There are actually two varieties of topographic prominence: wet prominence and dry prominence.[4] Wet prominence is the topographic prominence discussed in this article. Wet prominence assumes that the surface of the earth includes all permanent water, snow, and ice features. Thus, the wet prominence of the highest summit of an ocean island or landmass is always equal to the summit's elevation.

Dry prominence, on the other hand, ignores water, snow, and ice features and assumes that the surface of the earth is defined by the solid bottom of those features. The dry prominence of a summit is equal to the wet prominence of that summit unless the summit is the highest point of a landmass or island, or a summit surrounded by snow or ice.
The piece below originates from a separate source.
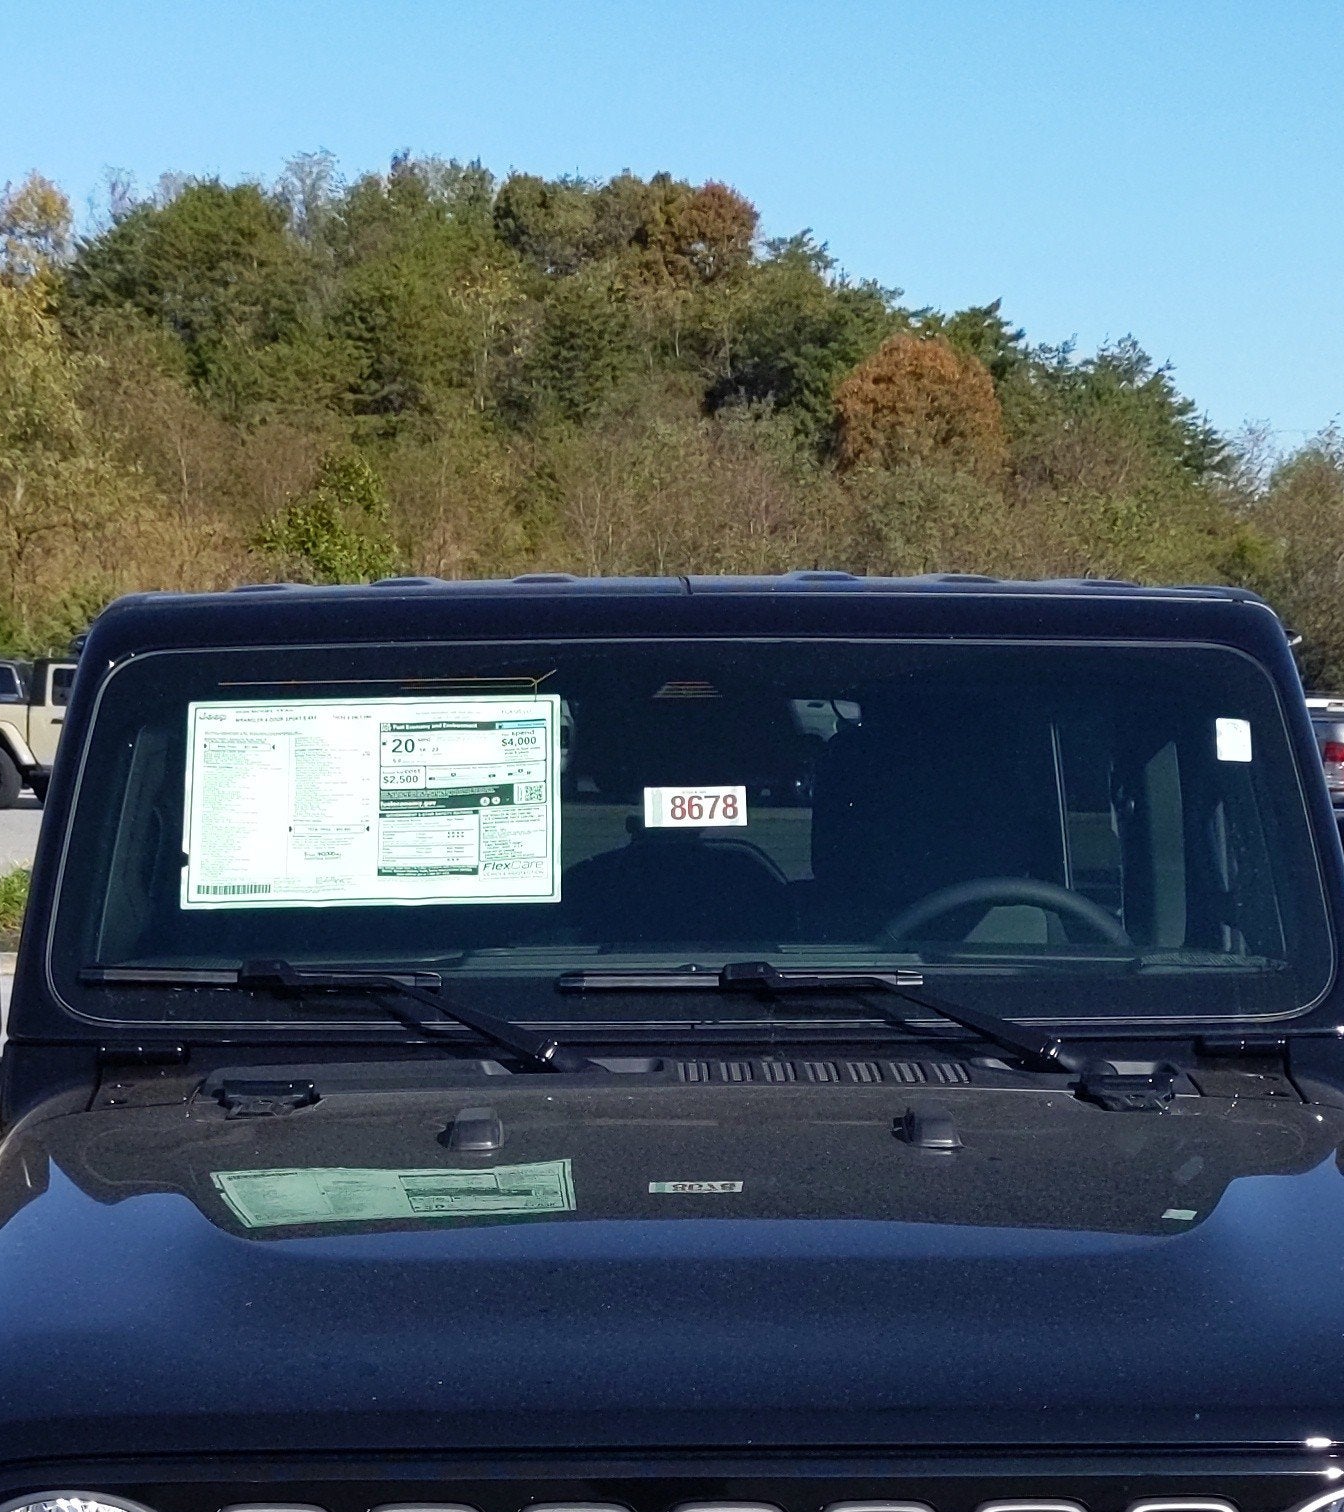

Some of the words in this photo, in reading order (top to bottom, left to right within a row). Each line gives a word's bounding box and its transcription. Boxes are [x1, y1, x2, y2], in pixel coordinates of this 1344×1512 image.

If a summit is completely surrounded by a water, snow, or ice feature, the dry prominence of that summit is equal to the wet prominence plus the depth of the highest col.

The dry prominence of Mount Everest is, by convention, equal to its wet prominence (8848 m) plus the depth of the deepest hydrologic feature (the Challenger Deep at 10,911 m), or 19,761 m. The dry prominence of Mauna Kea is equal to its wet prominence (4205 m) plus the depth of its highest col (about 5125 m), or about 9330 m; this is the world's second greatest dry prominence after Mount Everest.[4] The dry prominence of Aconcagua is equal to its wet prominence (6962 m) plus the depth of the highest col of the Bering Strait (about 50 m), or about 7012 m.

Dry prominence is also useful for measuring submerged seamounts. Submerged summits have both a dry topographic prominence and a topographic isolation.

The following mental exercise may illustrate the meaning of topographic prominence. Imagine you are standing at the top of a mountain peak. Let an imaginary sea level slowly rise to the top of your peak. As the imaginary sea level rises, the mountain will shrink into an ever smaller island until the island disappears at your feet. Now let the imaginary sea level slowly drop. The island will reappear with your peak as its highest point. As the sea level continues to drop, the island will grow and merge with adjacent islands. At some point, unless you are atop Mount Everest, your island will touch another island with a higher summit.[5] This point is called your peak’s key col, and the elevation rise from its key col to your summit is called its topographic prominence.

See also


  1. ^ "Mount Everest-South Summit, China/Nepal". 
  2. ^ The more common convention among the sources for prominence calculations is to ignore man-made alterations in the landscape, particularly for saddle heights. This convention is not universally agreed upon, and presents particular difficulties in the case of mountaintop removal. However for high-prominence peaks (and for low-prominence subpeaks with intact summits), the difference in prominence values for the two conventions is typically relatively small.
  3. ^ This assumes that the map itself is accurate; inaccuracies in mapping lead to further uncertainties and a larger error bound.
  4. ^ a b Adam Helman, The Finest Peaks–Prominence and Other Mountain Measures, 2005.
  5. ^ If your peak is the summit of an ocean island or landmass, you may either use sea level as your key col for a wet prominence, or continue to drop your imaginary sea level to an undersea key col for a dry prominence. If your peak is the highest point on the surface of the planet (Mount Everest), you may either use sea level as your key col for a wet prominence, or continue to drop your imaginary sea level to the lowest point on the sea floor (Challenger Deep) for a dry prominence.